Scienze naturali

Tartarughe, a Cipro la conservazione fa da lezione

Cipro del Nord è un faro luminoso sulla conservazione di due importanti specie di tartarughe del Mediterraneo: la Caretta caretta e la tartaruga verde. Le conte dei nidi hanno segnato rispettivamente un incremento del 46% per la prima e del 146% per la seconda specie.

Gli incrementi si sono ottenuti nell’arco di due decenni, dove le attività di conservazione e prevenzione sono state ampliate, limitando inoltre le incursioni nei nidi da parte di cani e volpi. Numerose spiagge sono state protette dallo sviluppo turistico e commerciale, grazie anche alla presenza di una società istituita proprio per la protezione di questi animali, la SPOT (Society for the protection of Turtles).

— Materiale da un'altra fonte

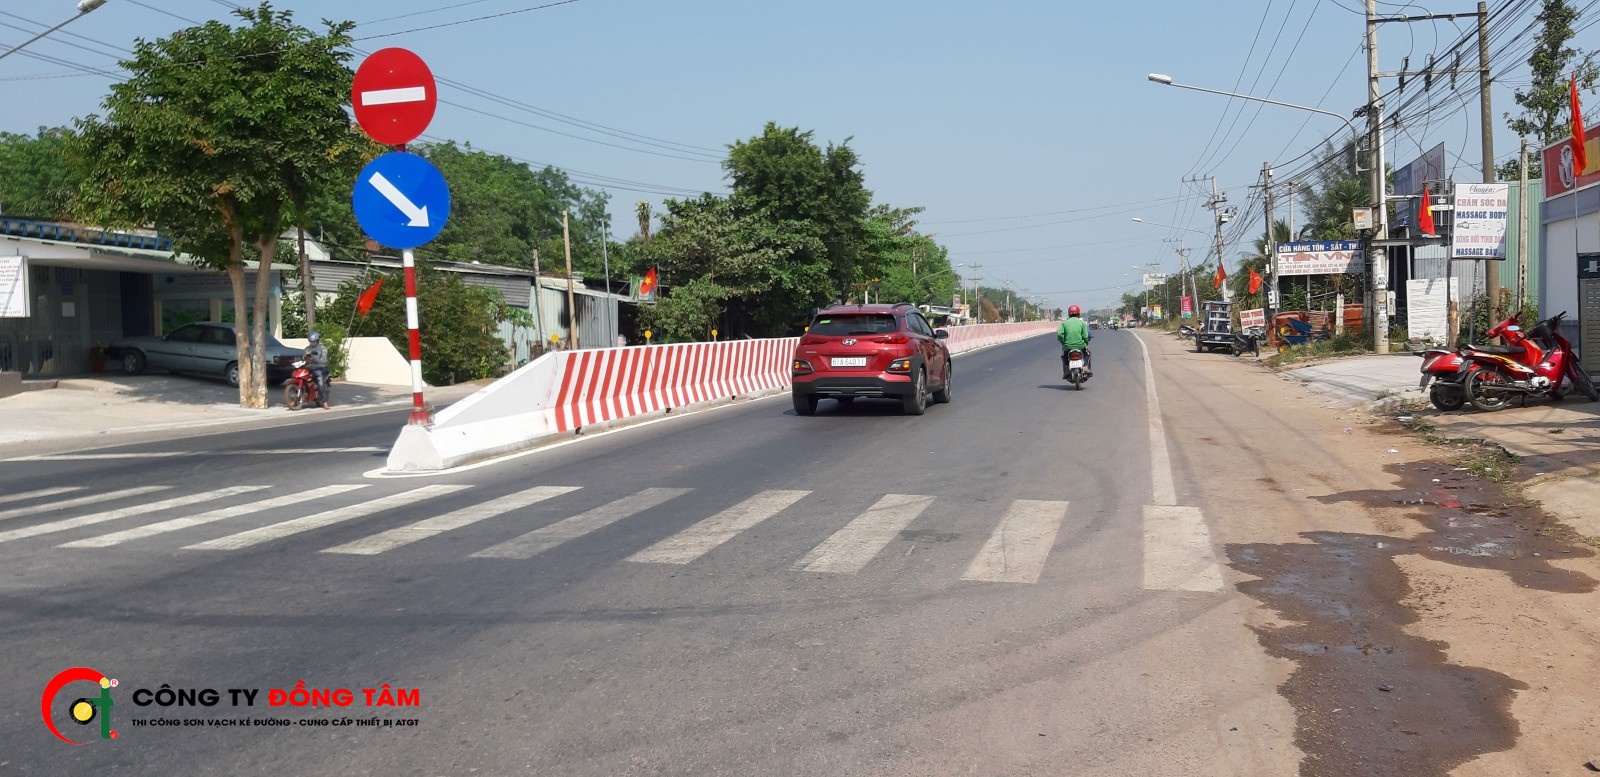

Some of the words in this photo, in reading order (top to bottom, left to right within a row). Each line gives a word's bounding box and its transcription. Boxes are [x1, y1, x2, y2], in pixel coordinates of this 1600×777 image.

[1497, 198, 1507, 207] DA
[1456, 211, 1487, 219] MASSAGE
[1489, 211, 1507, 219] BODY
[1278, 244, 1292, 253] CỬA
[1293, 244, 1311, 252] HÀNG
[1312, 243, 1325, 251] TÔN
[1330, 241, 1343, 251] SẮT
[1455, 248, 1484, 256] MASSAGE
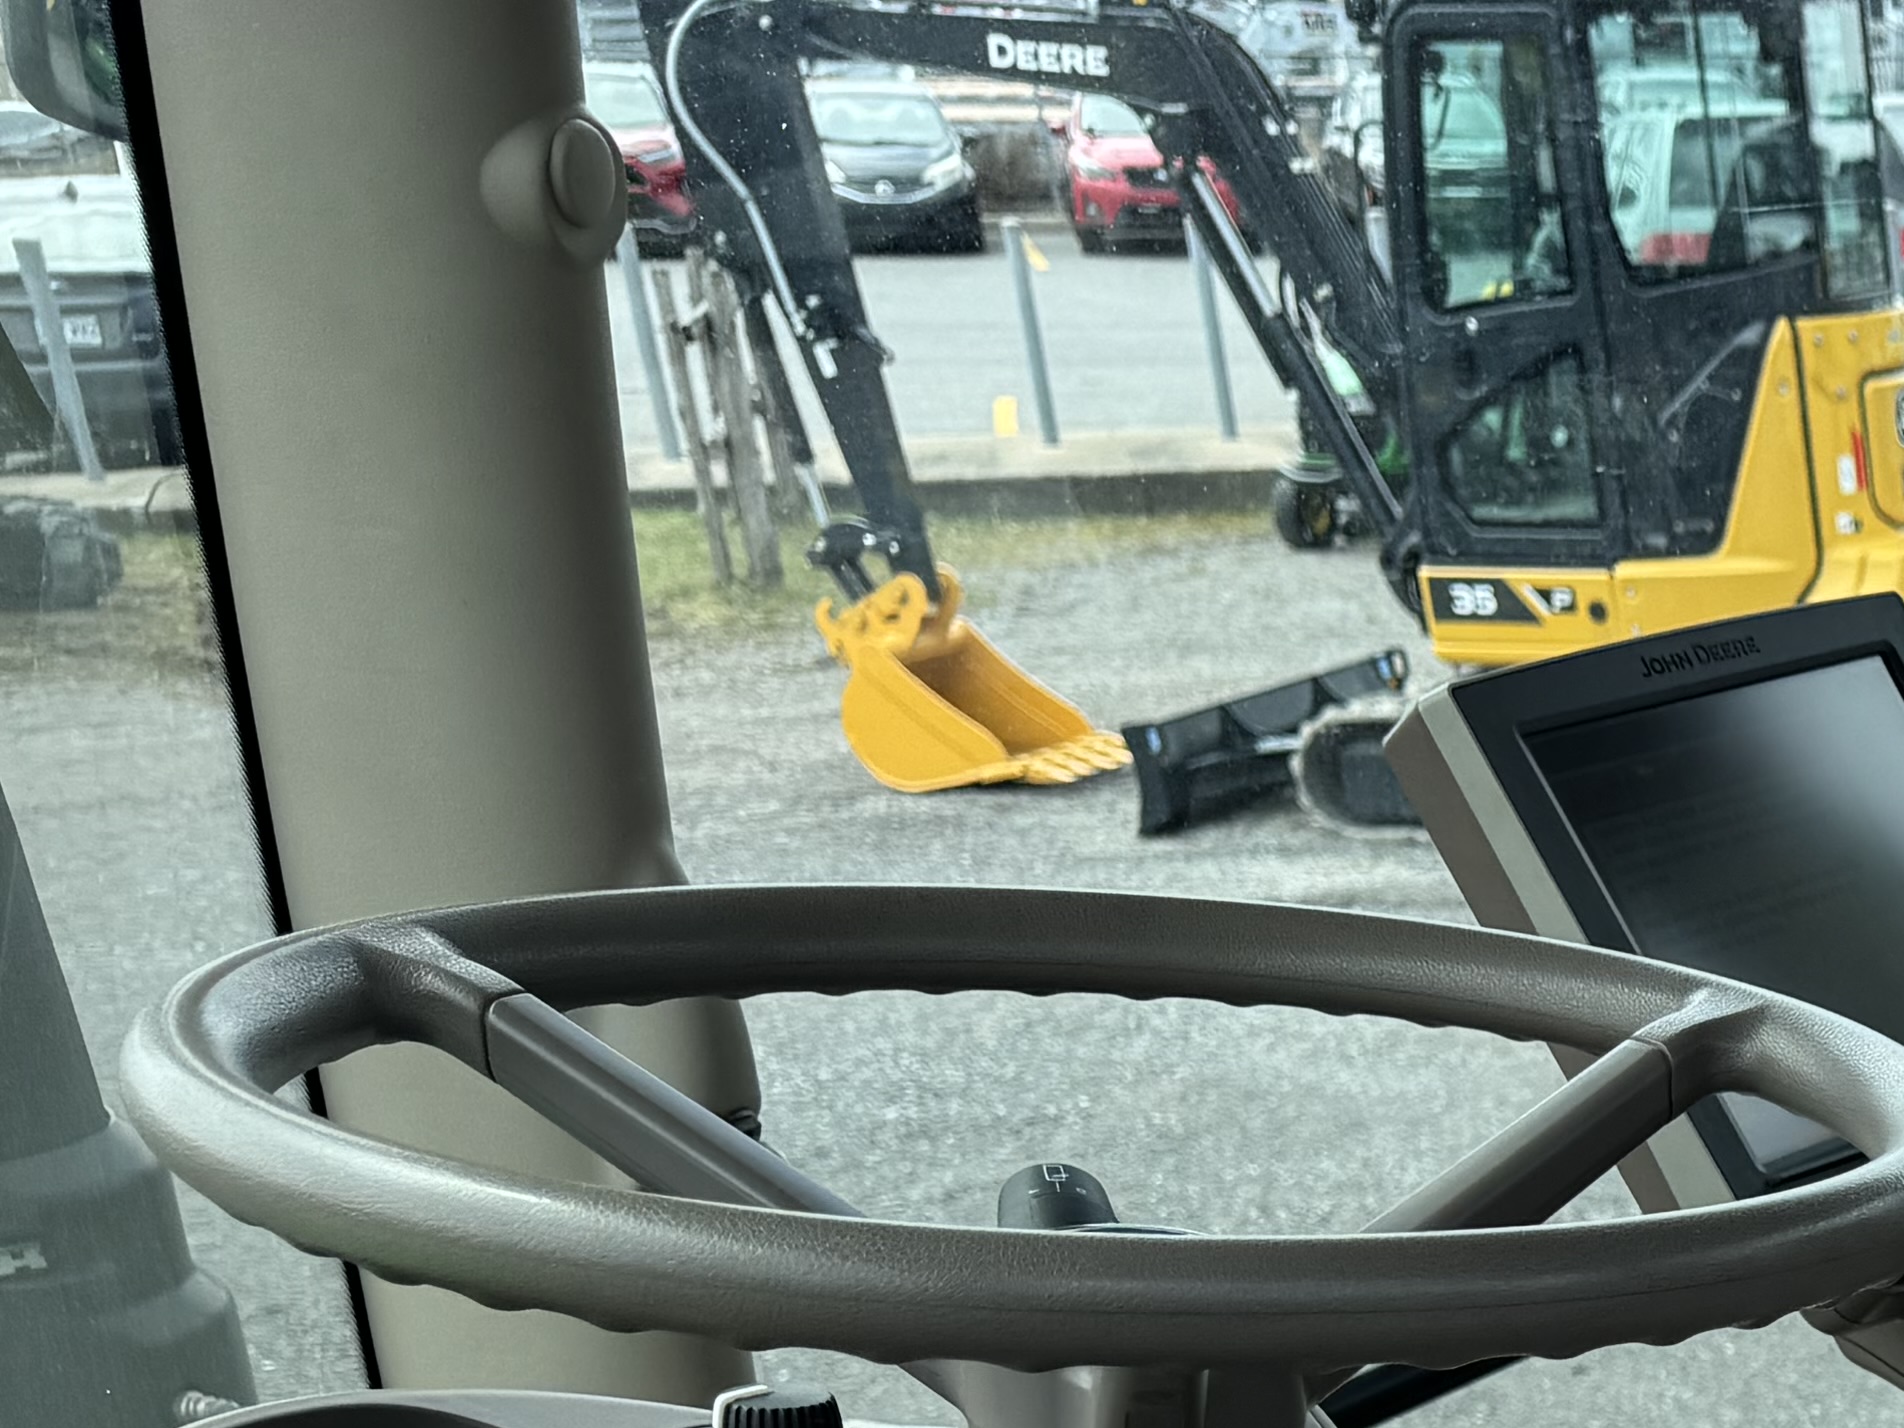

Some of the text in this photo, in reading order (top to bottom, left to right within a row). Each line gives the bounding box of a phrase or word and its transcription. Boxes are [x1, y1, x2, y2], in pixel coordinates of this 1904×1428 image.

[986, 32, 1109, 77] DEERE
[1450, 583, 1498, 617] 35
[1640, 636, 1761, 678] JOHN DEERE

L’anno scorso si sono registrati oltre 2400 nidi, un numero mai così alto da quando sull’isola si è effettuata la prima ricognizione, nel lontano 1988. Numeri che tra l’altro sono in controtendenza rispetto a numerosi siti di conservazione nel mondo.

La protezione delle tartarughe a Cipro è l’esempio perfetto di una ricerca ben fatta e duratura nel tempo. Le prime femmine sono state prelevate ed etichettate nel 1992 e sono ancora fertili. In questo modo è possibile tracciare la storia di una popolazione e magari prevedere gli sviluppi nel tempo.

Il nuovo problema dell’isola è rappresentato dalle plastiche e microplastiche. Le spiagge devono essere pulite in maniera sempre più approfondita poiché i rifiuti diventano dei grossi ostacoli per la nidificazione o per il ritorno in mare dei piccoli appena nati.